認定医療法人制度が制定された事により、持分あり医療法人から持分なし医療法人への移行する医療法人が増加しています。厚生労働省の発表によると、医療法人の総数は5万1958法人で、このうち持分あり医療法人は4万601法人(昨年比マイナス426法人)、持ち分なし医療法人は1万976法人(昨年比プラス1523法人)でした。(2016年調査)持分なし医療法人が多い都道府県は東京都の1704法人、次いで大阪府、神奈川県、埼玉県の順となっています。この様に持分なし医療法人へ移行する背景にはさまざまなメリットがあるからであると思われます。持分なし医療法人へ移行するメリットとは、どの様なものがあるのでしょうか?
目次
持分なし医療法人へ移行するメリット
①持分なしであるため、相続税の課税がない。また、それに伴う財産評価の必要もない。
②払戻し請求をされたり、残余財産の分配ができなかった事などによる医療法人の資産流出リスク最小限にする事ができ、安定して医療法人の経営を継続できる。
③役員の同族要件に社員は含まれていないため、社員の総会運営を親族の社員で実施する事が可能となる。
④持分あり医療法人の際に、出資金額が1億円を超えているケースでは、持分なし医療法人へ移行する事により中小法人の優遇税制が適用となる。
⑤持分あり医療法人同士の合併では、持分あり医療法人のまま継続する事が可能。
⑥社会医療法人や特定医療法人へ移行する事ができ、税金の優遇を受ける事ができる。
⑦2014年10月からの3年間、税制の優遇措置や低金利で融資を受けられる制度を利用できる。(2017年に制度改正され、2020年9月まで期間が延長されました。認定を受けるための要件も一部変更になっています。)
持分なし医療法人へ移行するデメリット
持分なし医療法人は全国的に増加していますが、もちろんデメリットもあります。
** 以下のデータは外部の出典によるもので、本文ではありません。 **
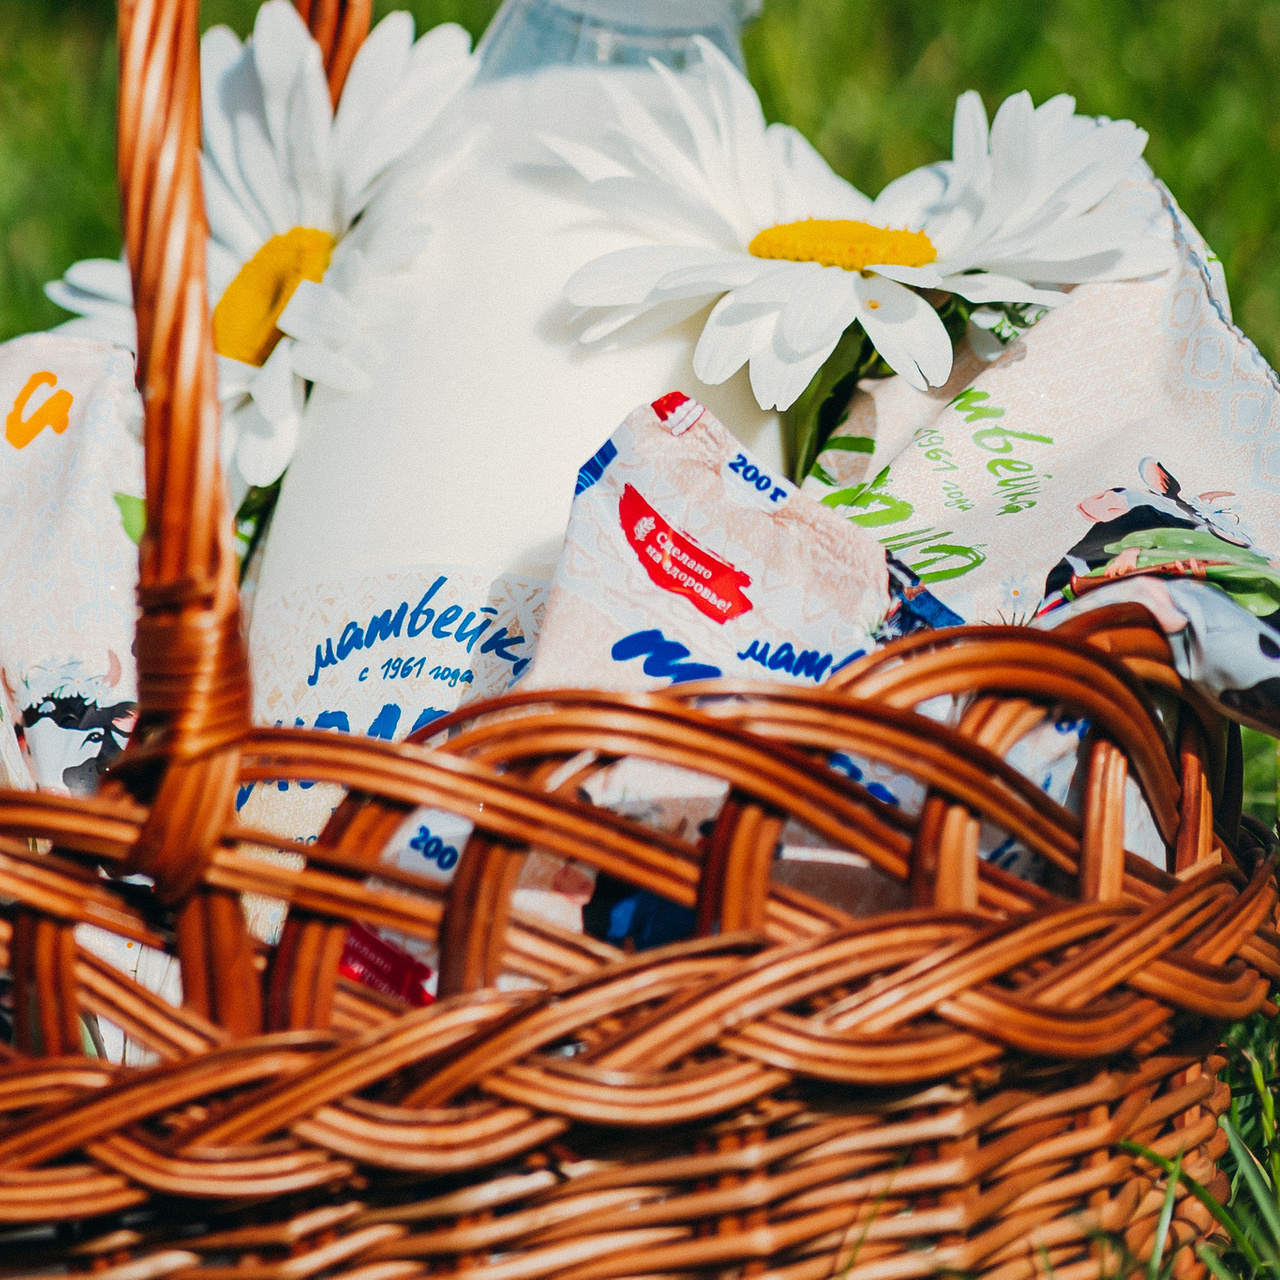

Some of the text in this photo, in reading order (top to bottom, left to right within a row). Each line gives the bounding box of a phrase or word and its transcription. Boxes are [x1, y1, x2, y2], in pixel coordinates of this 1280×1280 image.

[656, 531, 713, 580] Сделано
[381, 657, 426, 680] 1961
[429, 665, 474, 688] года
[408, 824, 459, 872] 200
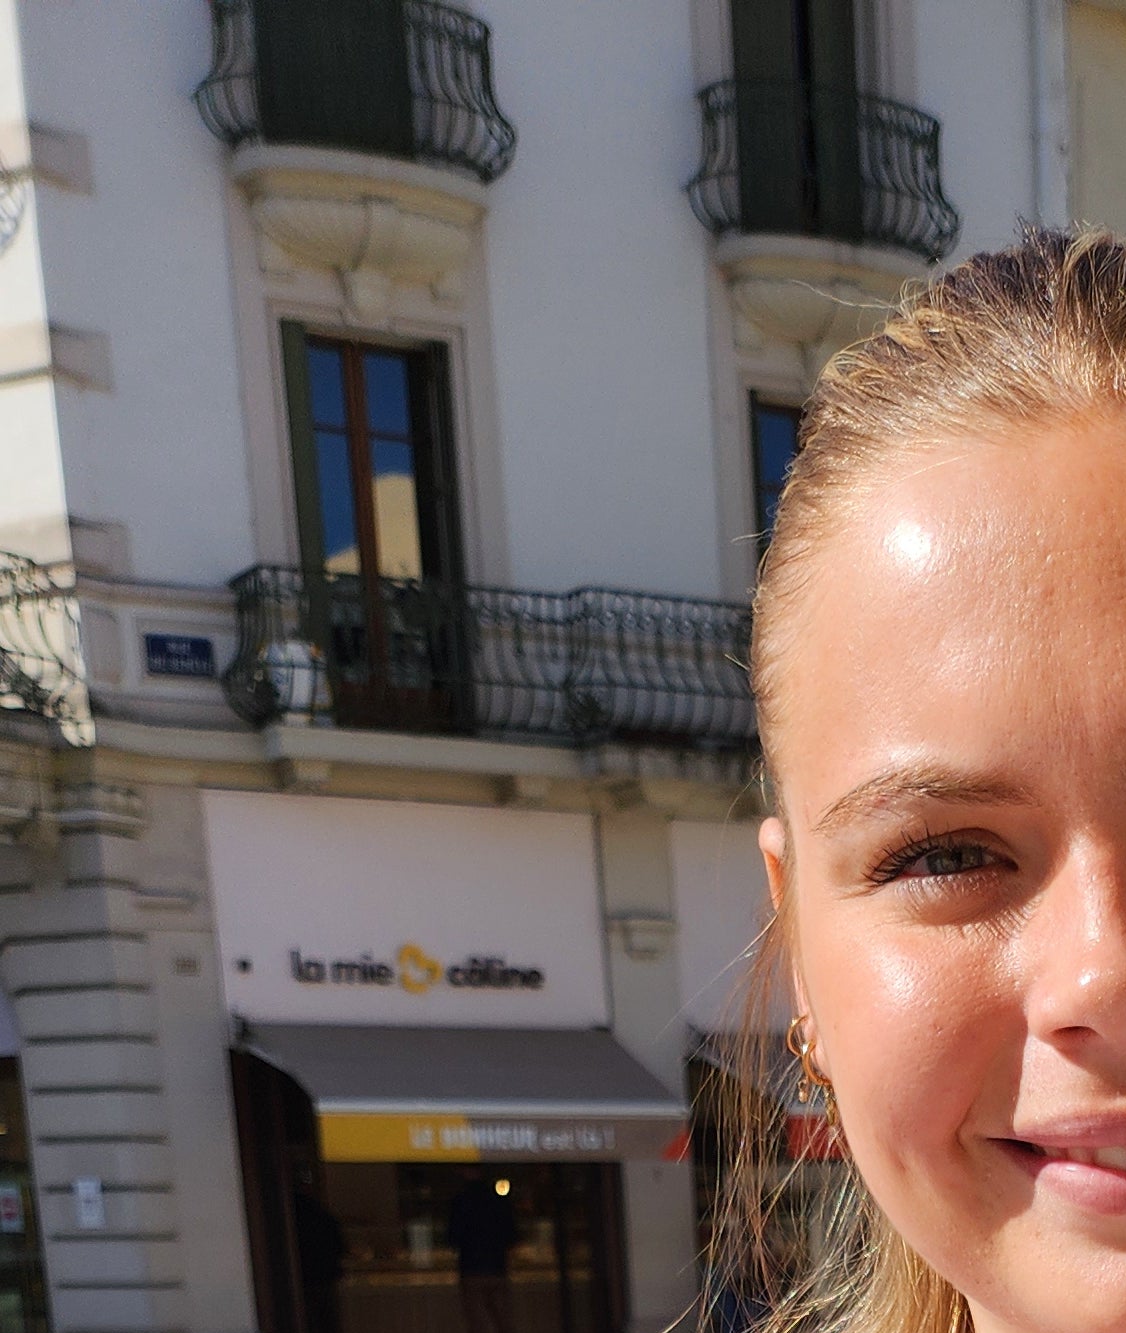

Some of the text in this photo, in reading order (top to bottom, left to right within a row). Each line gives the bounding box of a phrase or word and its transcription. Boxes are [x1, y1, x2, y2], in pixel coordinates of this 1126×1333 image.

[288, 946, 545, 989] la mie câline
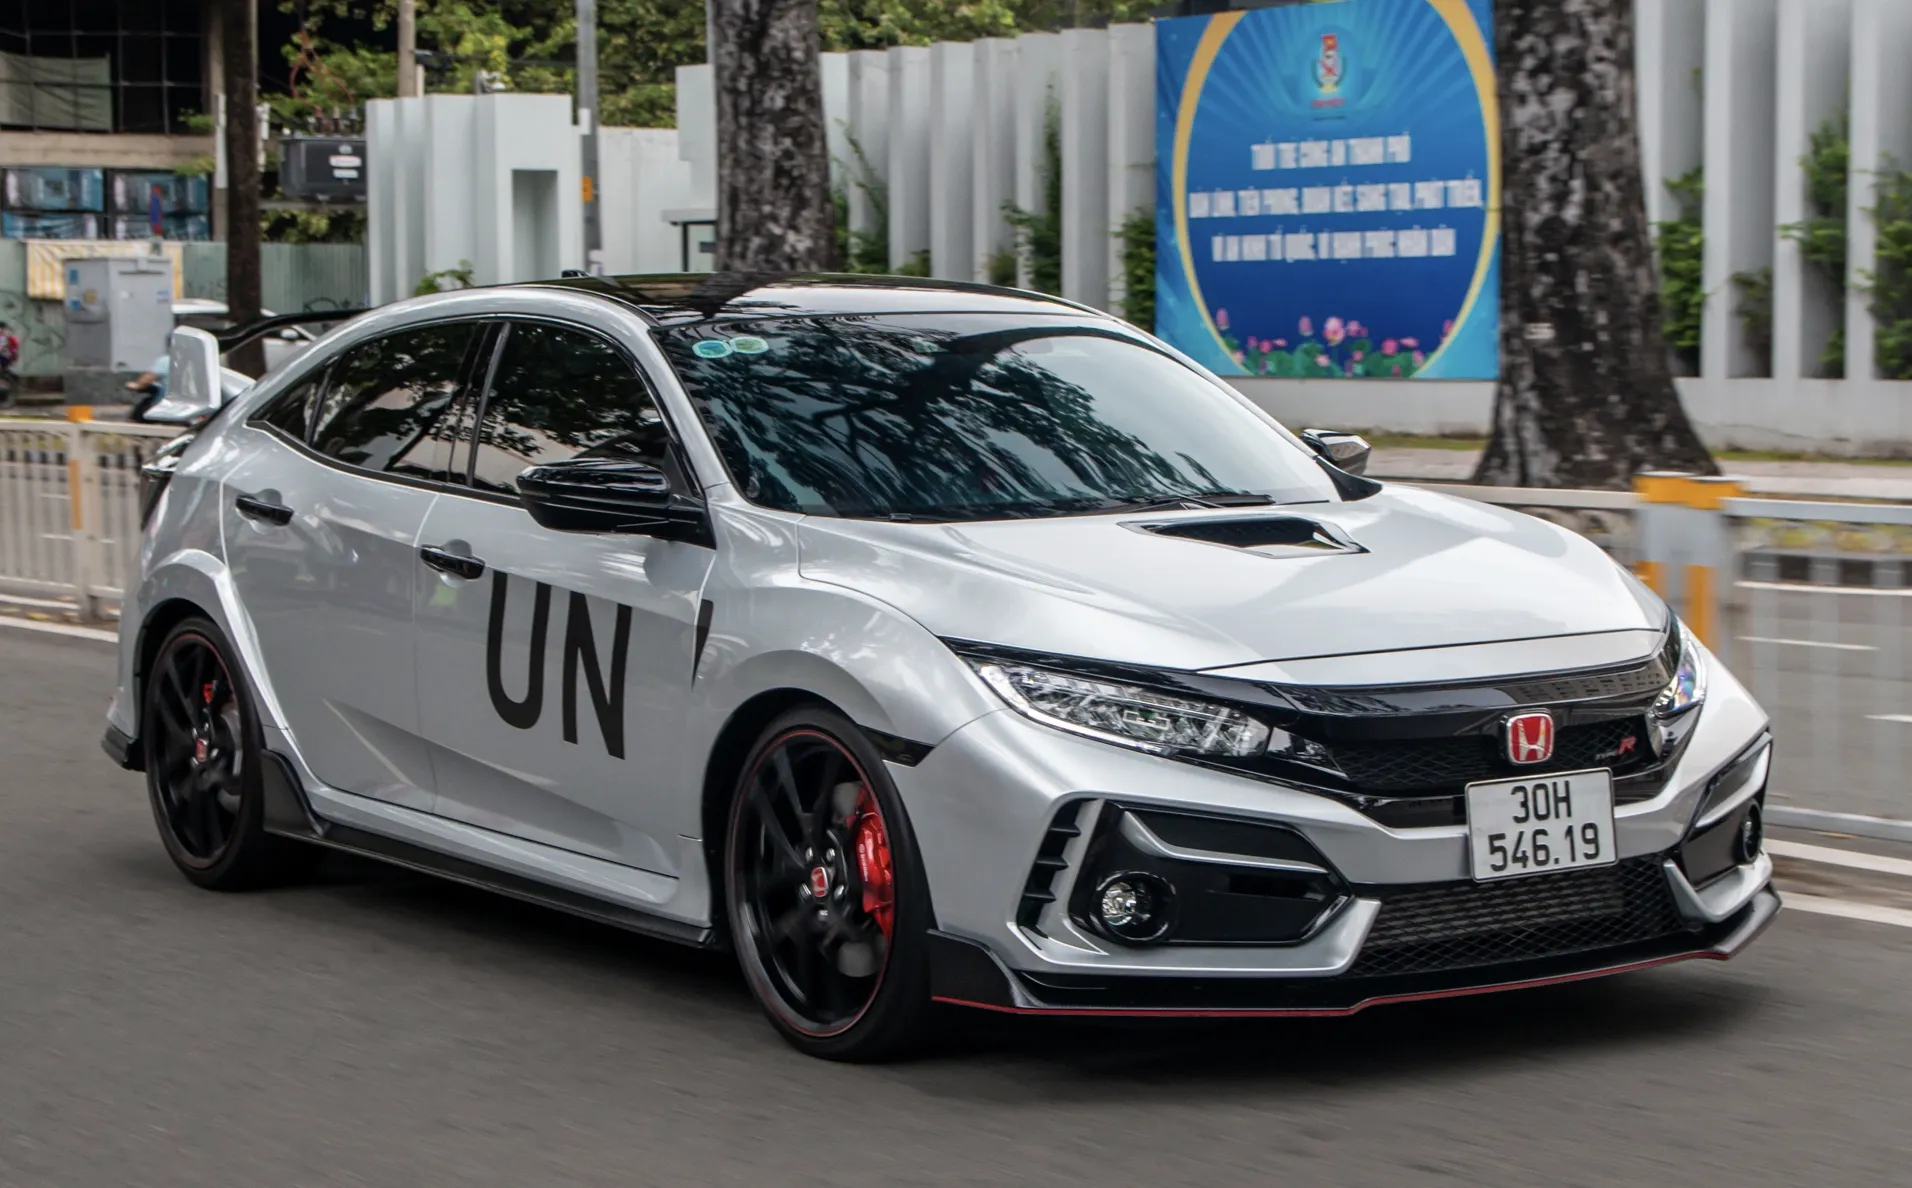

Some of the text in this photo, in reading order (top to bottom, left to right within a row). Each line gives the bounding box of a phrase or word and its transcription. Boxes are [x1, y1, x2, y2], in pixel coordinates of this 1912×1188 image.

[486, 570, 633, 760] UN
[1617, 735, 1638, 756] R
[1510, 780, 1572, 824] 30H
[1488, 822, 1600, 872] 546.19
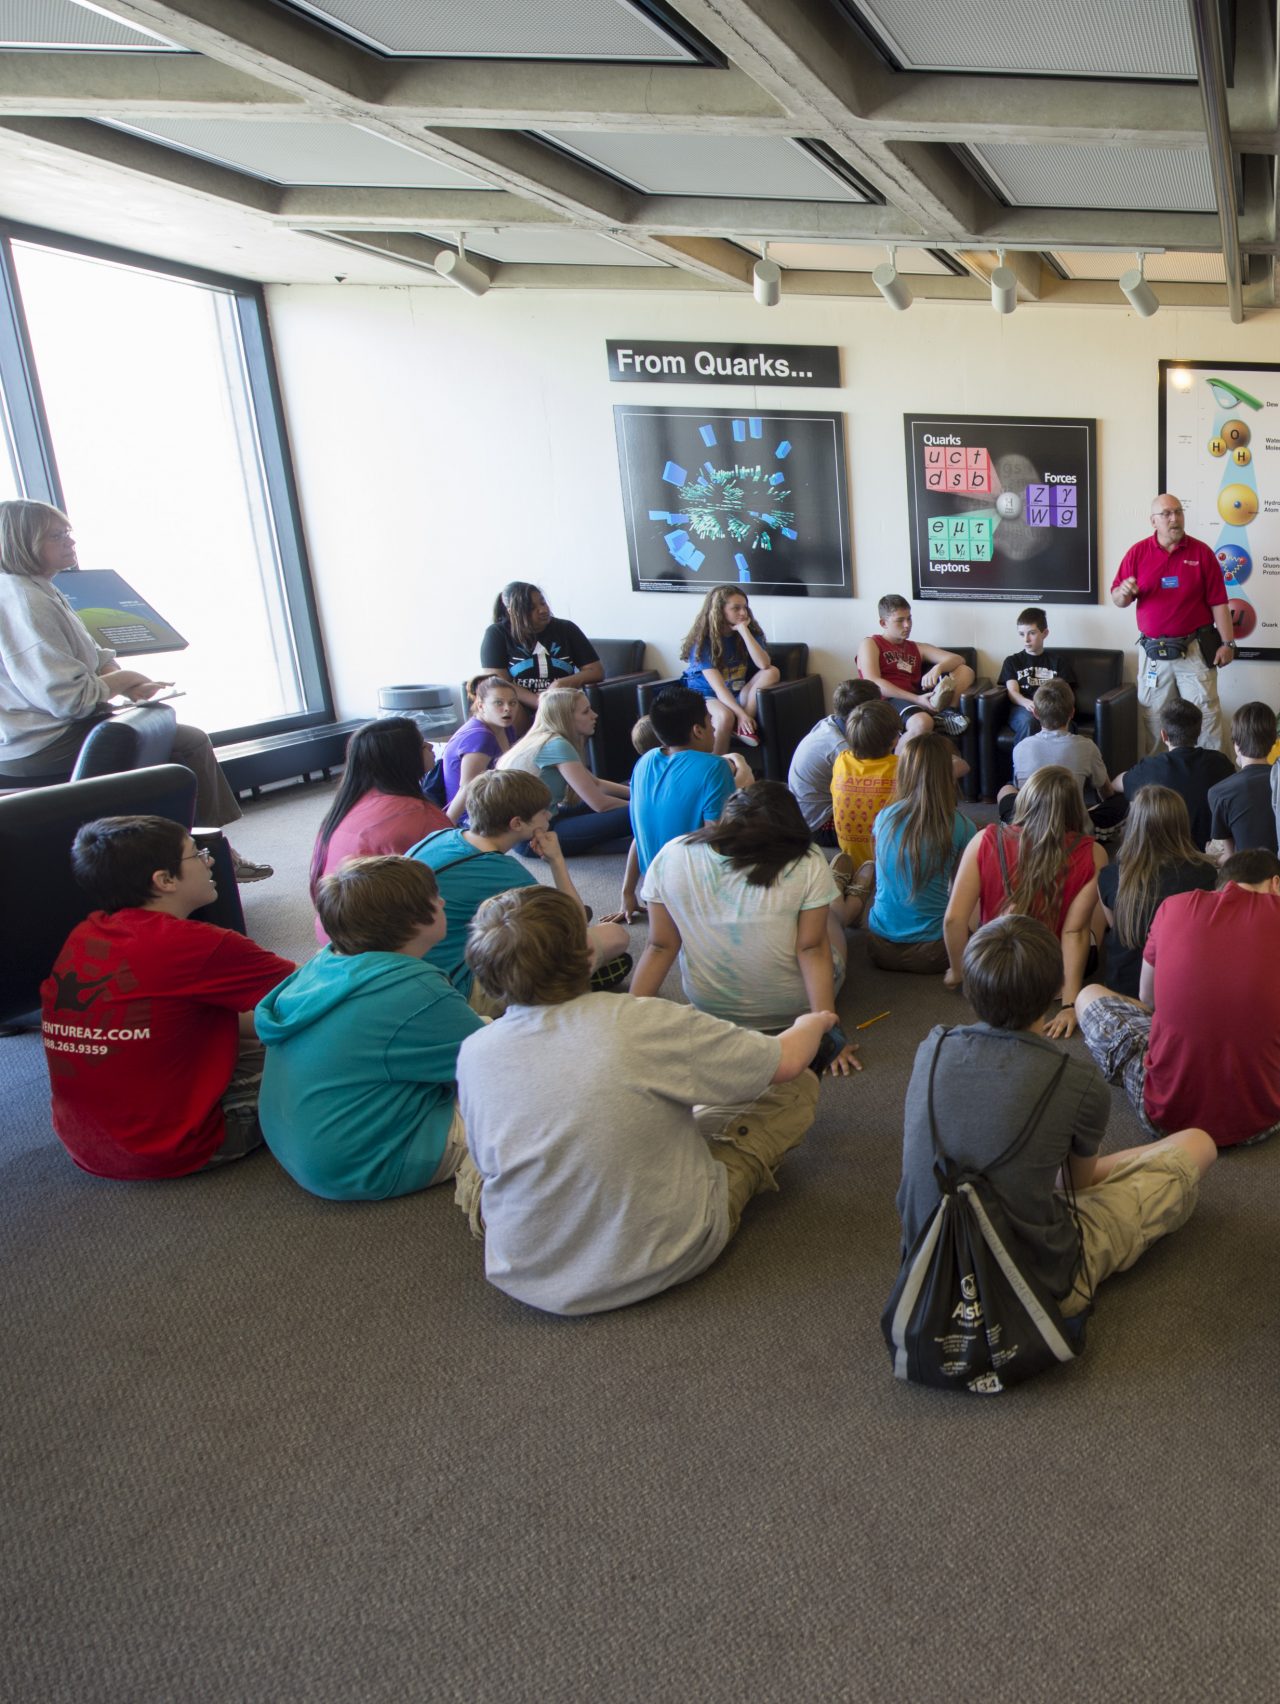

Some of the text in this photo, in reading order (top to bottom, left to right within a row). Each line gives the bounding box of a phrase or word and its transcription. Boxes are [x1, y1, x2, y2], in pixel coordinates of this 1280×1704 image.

メリットとデメリットを考慮して持分なし医療法人へ移行するべきなのかを考えましょう。
①もしも、法人の解散した場合には、残余財産については分配請求権がなくなるため、国などに帰属してしまう。
②今までに減税対策として持分を生前贈与して贈与税を払ってきた事の意味がなくなってしまう。
③剰余金の配当禁止により、法人内に留保している資産を払戻しに当てる事ができない。
④持分なし医療法人への移行において、相続税や贈与税の負担が不当に減少してしまうケースにおいては、その医療法人に対して贈与税が課税される。